En 1973 la loi qu’on surnomme désormais « Loi Pompidou, Giscard, Rothschild » en réformant les statuts de la Banque de France empêcha l'Etat de « battre monnaie » pour se financer et le contraignit à emprunter aux autres banques qui s’engraissèrent en encaissant les intérêts des dettes contractées. Certains n'hésitèrent pas, à ce propos, à parler de « casse du siècle ».

Ce processus fut condamné par le prix Nobel français d’économie décédé en 2010, Maurice Allais, qui disait entre autre : « l’économie actuelle qu’on nous présente comme une panacée n’a qu’un seul critère l’argent. Elle n’a qu’un seul culte l’argent. Dépourvue de toute considération éthique, elle ne peut que se détruire elle-même ».

La loi Pompidou-Giscard fut appliquée par le traité sur l’Union européenne de Maastricht et depuis, c’est à cause des taux fluctuants que la plupart des pays européens se sont endettés et que les banquiers, chez nous, ont peu à peu pris le pas sur les politiques.

L'augmentation brutale des endettements s'est déclenchée en 2007 à partir de l'éclatement de la bulle immobilière aux Etats-Unis, les fameux subprimes.

Evidemment, pour tenter de rembourser leurs dettes les gouvernements de notre chère Union Européenne, et le nôtre en particulier, cela quel que soit le parti au pouvoir, tentent par tous les moyens de rogner sur les dépenses de l’Etat en grignotant un à un les avantages sociaux ou en vendant les biens de la nation. Nous devons au gouvernement Mitterrand la destruction de nos aciéries de Lorraine, au gouvernement Jospin la privatisation des plus grandes banques françaises. Il n’y a pas un seul gouvernement depuis la chute de Gaulle qui n’ait bradé quelques uns de nos bijoux de famille.

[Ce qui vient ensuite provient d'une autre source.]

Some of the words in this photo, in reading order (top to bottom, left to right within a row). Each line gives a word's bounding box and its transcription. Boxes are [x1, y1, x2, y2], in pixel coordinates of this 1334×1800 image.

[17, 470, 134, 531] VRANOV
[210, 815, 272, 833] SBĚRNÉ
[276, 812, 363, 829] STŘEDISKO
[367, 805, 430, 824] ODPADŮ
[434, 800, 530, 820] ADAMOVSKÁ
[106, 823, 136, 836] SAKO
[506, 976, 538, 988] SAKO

Si les réformes que l’on nous propose visaient à améliorer vraiment la situation économique de la France, bien sûr que je serais pour. Mais le jeune Macron, à l’instar de Pompidou a été à bonne école. Sa mission première n’est pas d’assurer le bien-être des Français mais de racler partout où il y a encore quelque chose à prendre. A l’époque du Grand Charles je n’étais pas gaulliste mais déjà un passionné des idées de Louise Michel. Néanmoins, en tant qu’amoureux de l’histoire, je constate que notre déclin a commencé après le départ du Général, quand les financiers ont hélas trouvé dans les politiciens de féaux serviteurs.

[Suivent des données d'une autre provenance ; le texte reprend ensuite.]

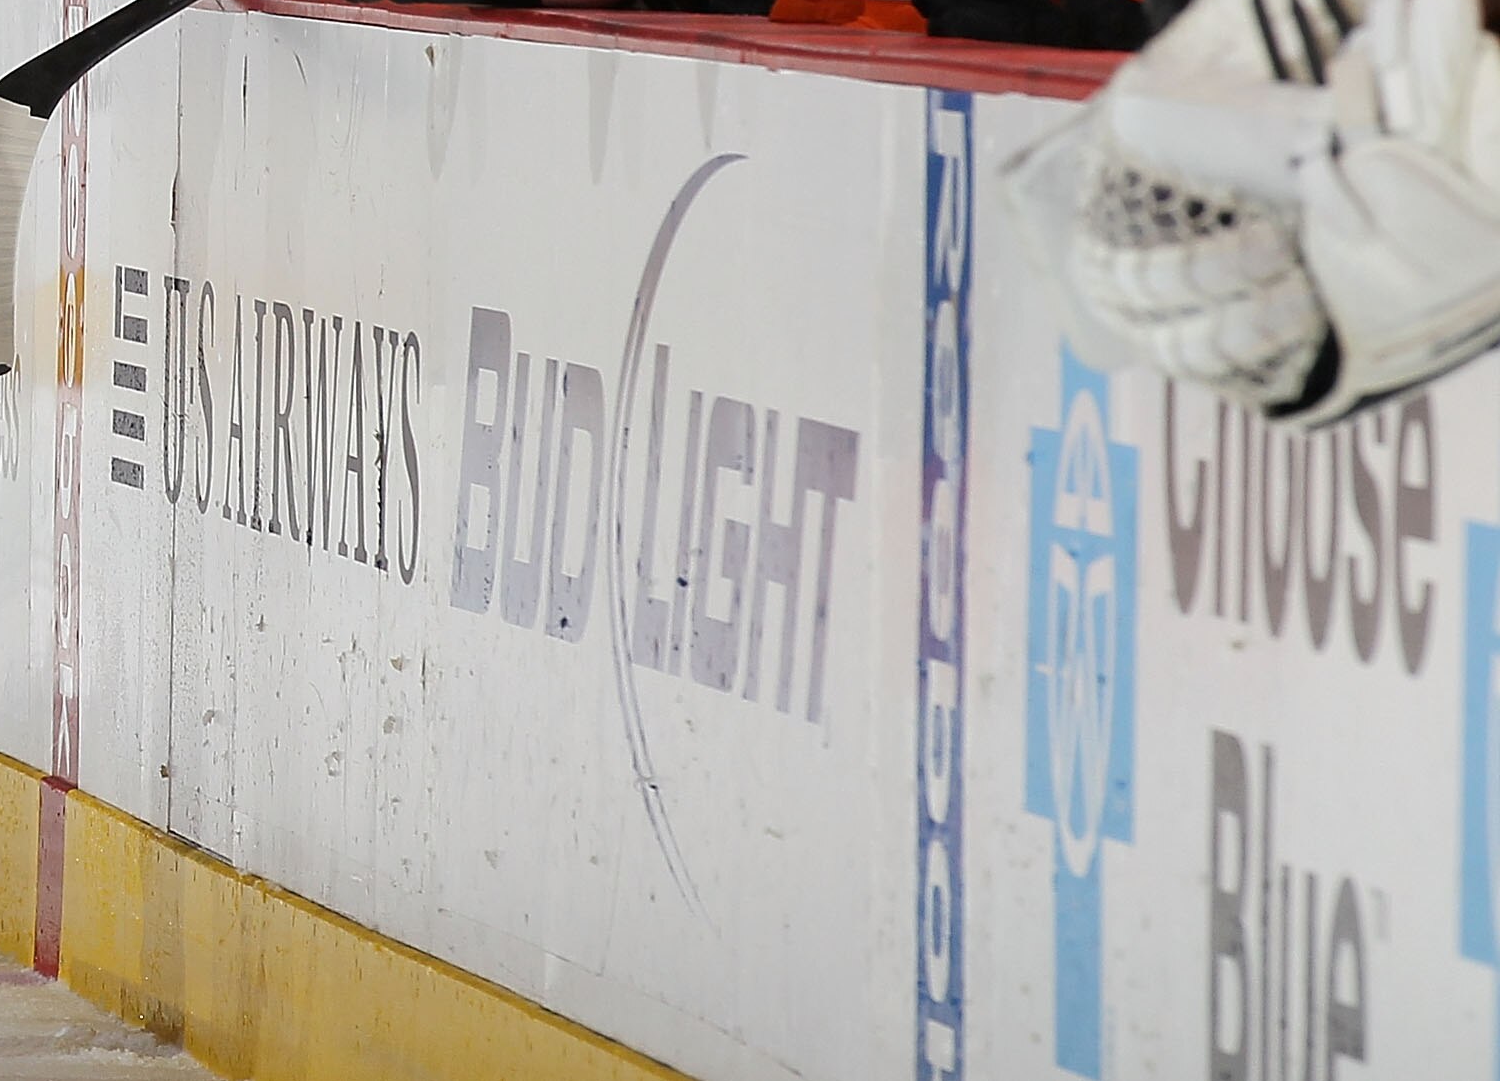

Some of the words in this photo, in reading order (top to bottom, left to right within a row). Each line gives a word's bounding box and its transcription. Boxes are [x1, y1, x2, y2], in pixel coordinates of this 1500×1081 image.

[221, 291, 422, 586] AIRWAYS
[448, 305, 607, 646] BUD
[631, 343, 861, 725] LIGHT
[1210, 728, 1367, 1081] Blue

Je la cite très souvent parce qu’elle éveille en moi une grande nostalgie, cette phrase de Vincent Auriol, président français de 1947 à 1954. Mettez lui l’accent occitan de Revel qui roule un peu les R et vous en apprécierez toute la saveur :

«  Moi les banques je les ferme et les banquiers, je les enferme ! »

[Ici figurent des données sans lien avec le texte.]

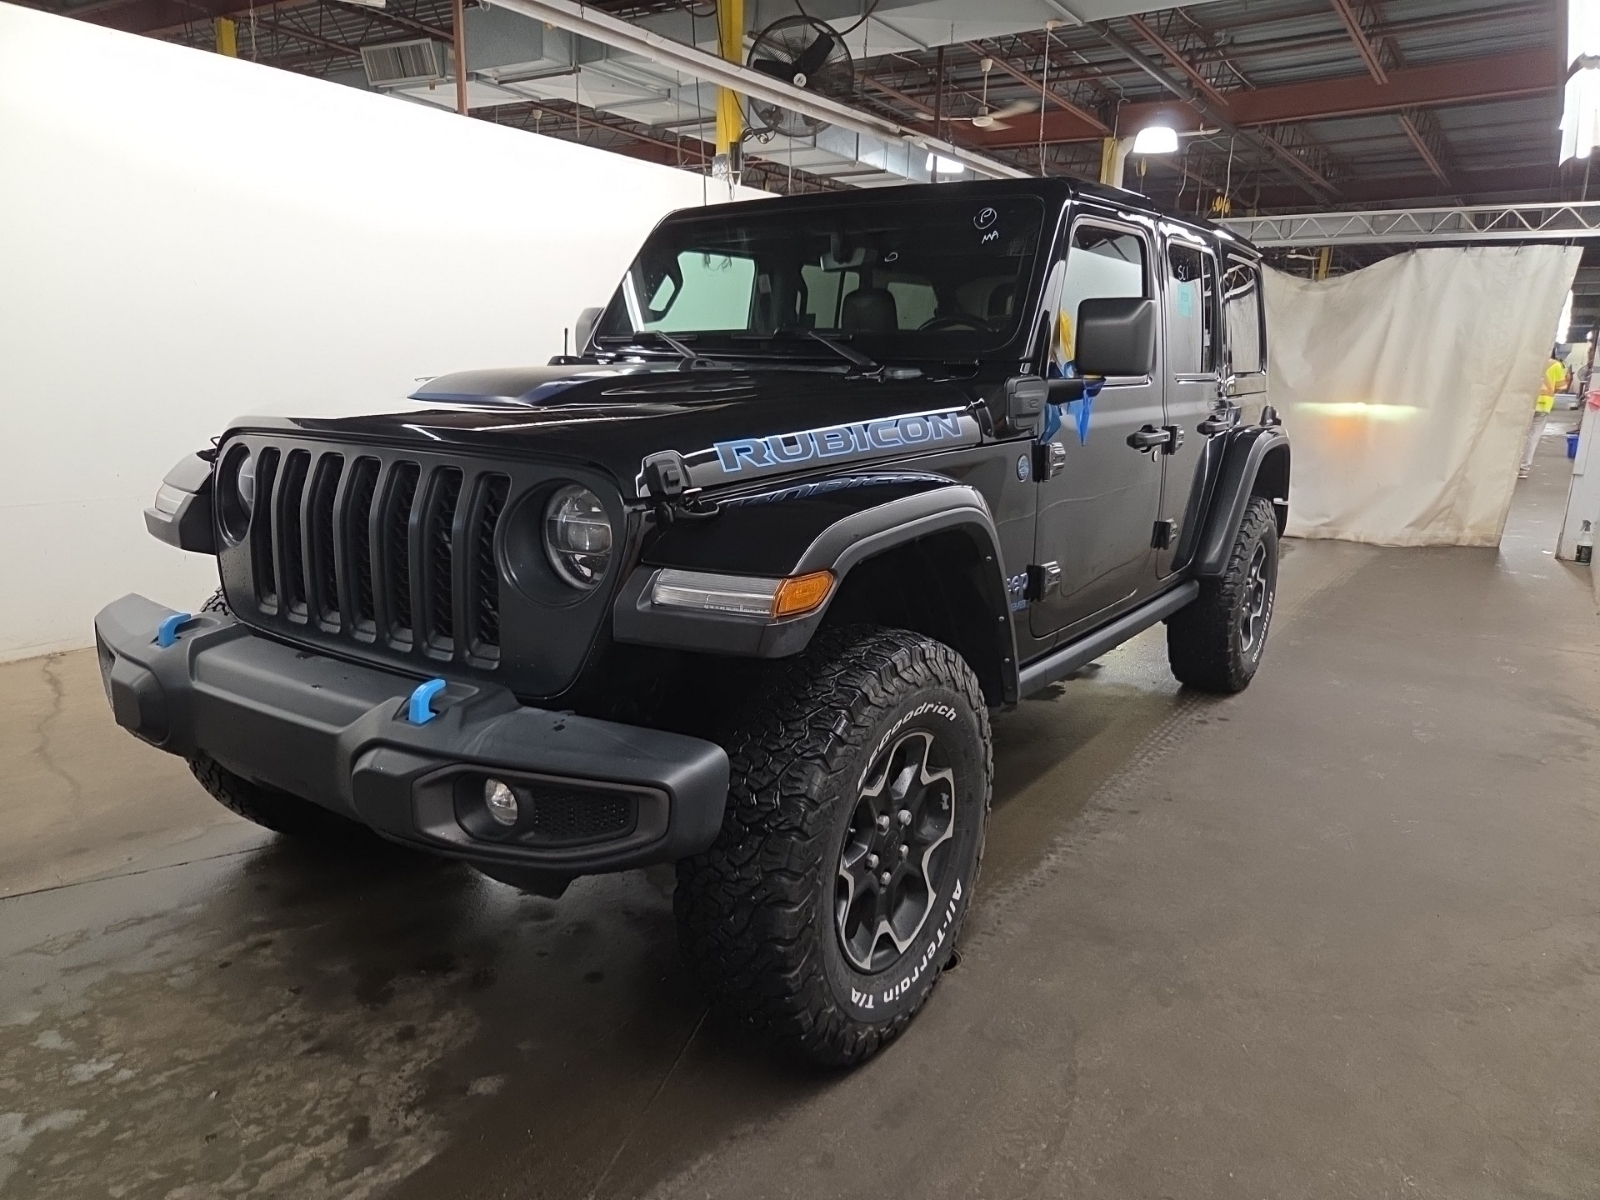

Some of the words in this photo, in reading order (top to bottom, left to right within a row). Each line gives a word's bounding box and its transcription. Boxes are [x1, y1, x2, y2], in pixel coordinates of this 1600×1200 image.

[713, 412, 962, 473] RUBICON
[883, 878, 962, 1003] All-Terrain
[851, 987, 875, 1009] T/A

Ce n’est pas le jeune Macron qui oserait dire ça…

Et pourtant les Finlandais eux l’ont fait. Après les « subprimes » ils ont emprisonné leurs banquiers véreux. Chez nous on les a dédommagés avec de l’argent public, n’est-ce pas Monsieur Sarkozy ???  Non, cette question est obsolète. Les juges en ont tant d’autres à vous poser autrement plus grave, monsieur l’ex-président. 

 

JB

 

Le casse du siècle !Le casse du siècle !
Le casse du siècle !Le casse du siècle !Le casse du siècle !
Le casse du siècle !Le casse du siècle !
Le casse du siècle !Le casse du siècle !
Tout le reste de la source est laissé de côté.